Segment Start: Data provided
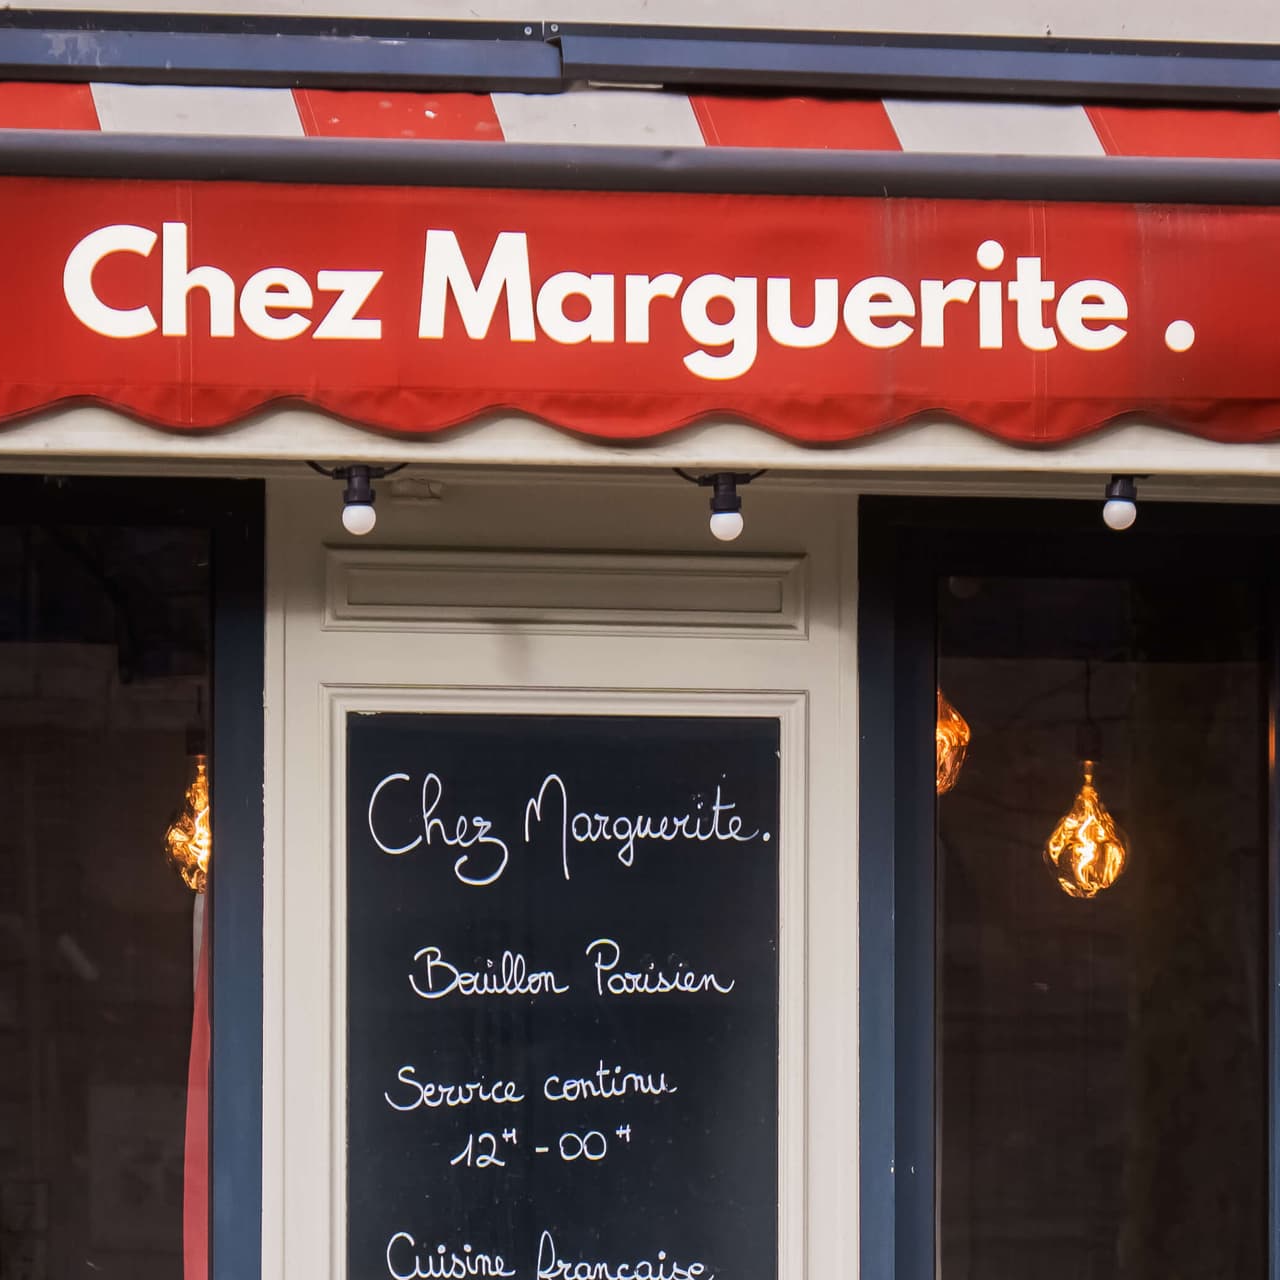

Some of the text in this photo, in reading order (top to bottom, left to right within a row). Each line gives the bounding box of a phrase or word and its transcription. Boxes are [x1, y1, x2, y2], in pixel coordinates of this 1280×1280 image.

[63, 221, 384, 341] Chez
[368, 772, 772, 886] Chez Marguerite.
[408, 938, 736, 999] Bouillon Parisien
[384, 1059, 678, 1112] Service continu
Segment End: Data provided
▶ Exercise instructions
Hand back the data exactly as it appears, with all pictures cut.

▶ Response to the task
Some of the text in this photo, in reading order (top to bottom, left to right within a row). Each line gives the bounding box of a phrase or word and its transcription. Boxes are [x1, y1, x2, y2], in pixel coordinates of this 1280×1280 image.

[63, 221, 384, 341] Chez
[368, 772, 772, 886] Chez Marguerite.
[408, 938, 736, 999] Bouillon Parisien
[384, 1059, 678, 1112] Service continu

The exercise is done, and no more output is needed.